The movement for BDS against Israeli apartheid has been accelerating since the start of the live-streamed genocide in October of 2023. This grassroots movement, led by Palestinians in Palestine and in the diaspora, is inspiring millions to boycott consumer goods made in Israel and demand that Israeli weapons and surveillance companies be removed from their local economies, governments, and pension funds. Similar to the AAM of South Africa, billions of dollars have now been divested from the Zionist economy. Campaigns such as “Apartheid Free Communities” have moved public discourse toward an acknowledgement of the unjust, racist treatment of the Palestinian people. Divestment is again the rallying cry of students demanding an end to their universities’ complicity in human rights abuses, and there is an academic and intellectual boycott and call to ban the Israeli settler-colonial state from the Olympics and FIFA competition.

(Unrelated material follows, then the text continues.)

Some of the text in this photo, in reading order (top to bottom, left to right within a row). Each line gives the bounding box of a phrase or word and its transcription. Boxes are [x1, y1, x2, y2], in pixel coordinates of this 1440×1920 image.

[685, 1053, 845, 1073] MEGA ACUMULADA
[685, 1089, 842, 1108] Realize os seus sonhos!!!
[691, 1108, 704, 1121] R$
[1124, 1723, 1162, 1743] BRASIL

While the genocide takes the form of forced starvation, the world’s people are sickened to see that governments and international organizations are incapable of or unwilling to stop atrocities committed in plain sight. In response, many have taken matters into their own hands through boycott and divestment. And as in South Africa, BDS is a complement to the main struggle on the ground in Palestine.
The BDS movement says that boycott and divestment necessarily come before sanctions, in order to build “a crucial mass of people power to make policymakers fulfill their obligations under international law.” It is an effort to move toward binding UN Security Council sanctions to oblige Israel to comply with the many General Assembly resolutions and International Court of Justice rulings demanding an end to Israel’s apartheid and genocide.

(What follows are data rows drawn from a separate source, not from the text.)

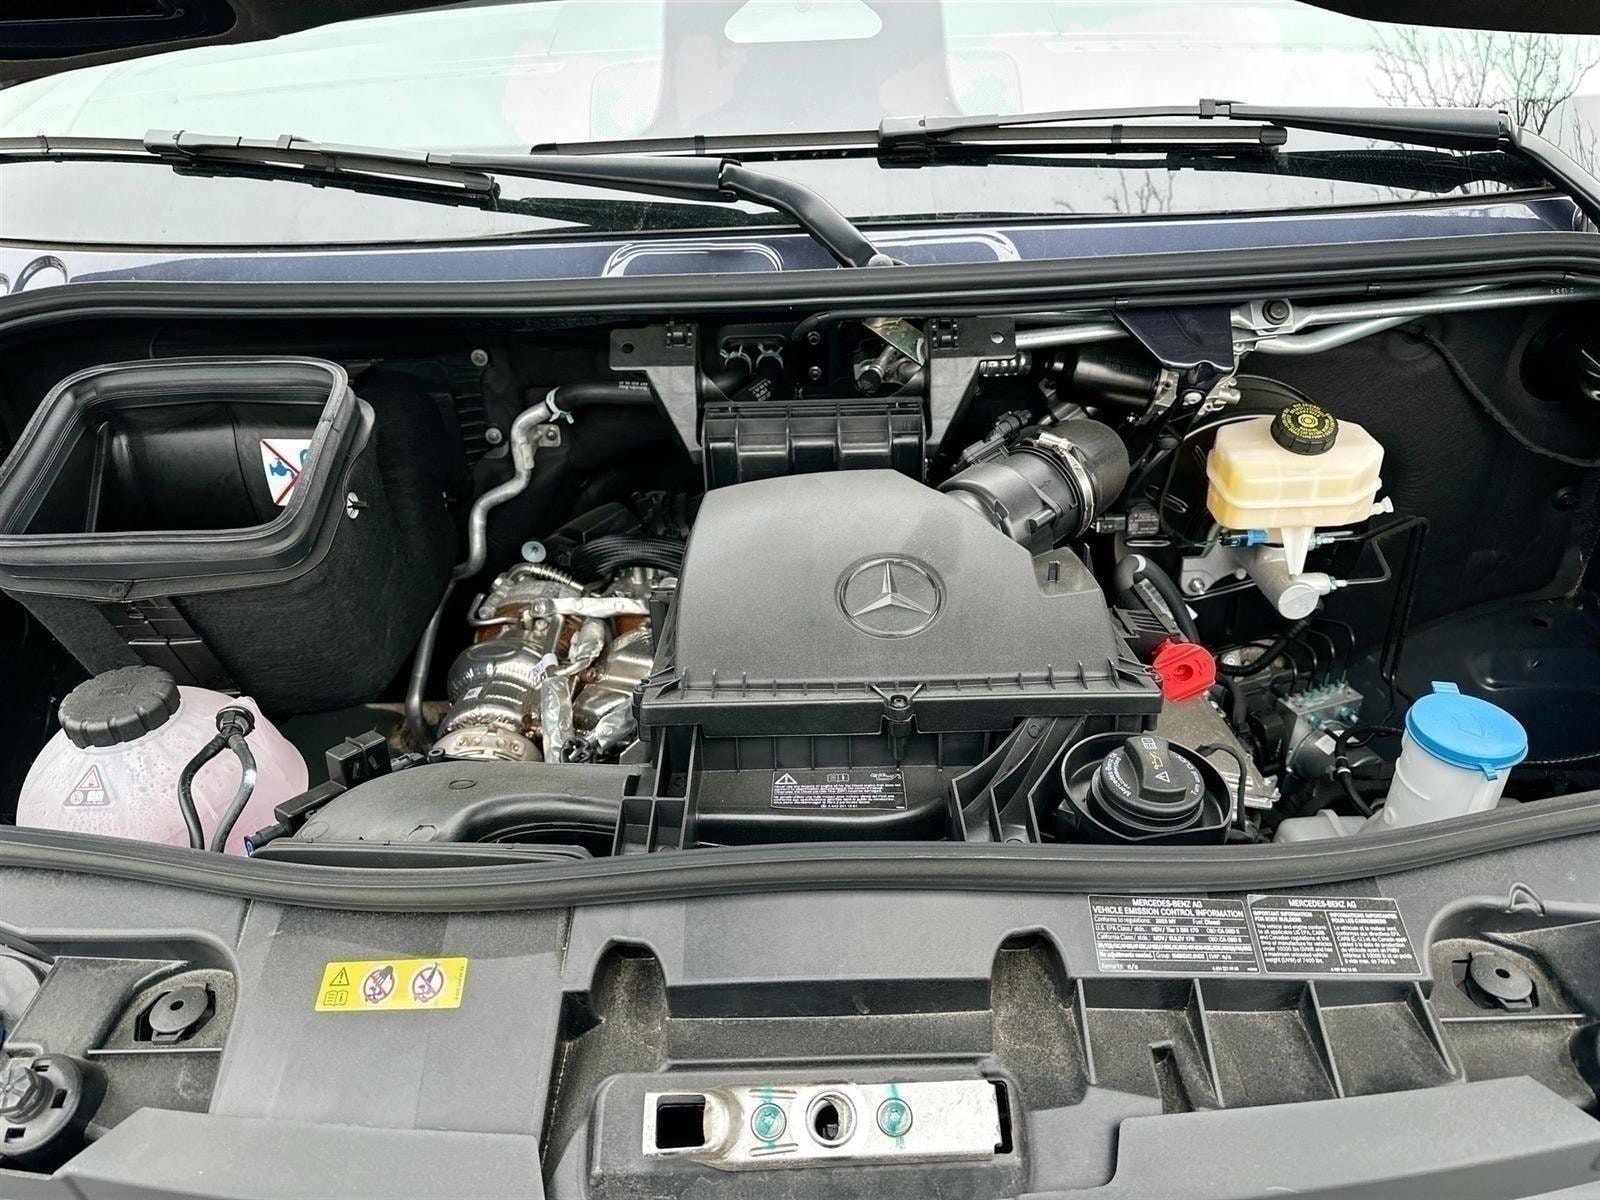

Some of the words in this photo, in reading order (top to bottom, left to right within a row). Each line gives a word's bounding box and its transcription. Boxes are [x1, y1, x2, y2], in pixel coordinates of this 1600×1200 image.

[1132, 899, 1191, 908] MERCEDES-BENZ
[1288, 900, 1346, 908] MERCEDES-BENZ
[1092, 906, 1123, 914] VEHICLE
[1124, 907, 1159, 915] EMISSION
[1160, 908, 1195, 916] CONTROL
[1195, 909, 1244, 917] INFORMATION

In contrast, the unilateral coercive measures (“sanctions”) promoted by the US are not intended to uphold international law or support peace and security, but rather to deliberately impose collective punishment on civilian populations in order to bring about regime change. This was revealed in a 1960 memo by a US diplomat explaining that a blockade of Cuba would “bring about hunger, desperation, and overthrow of government.” The United States government imposes these measures on countries that try to develop economic or political systems independent of US domination. And given the US’ “exorbitant power to sanction” due to the dominant role of its dollar in international trade and banking transactions, these measures are very impactful.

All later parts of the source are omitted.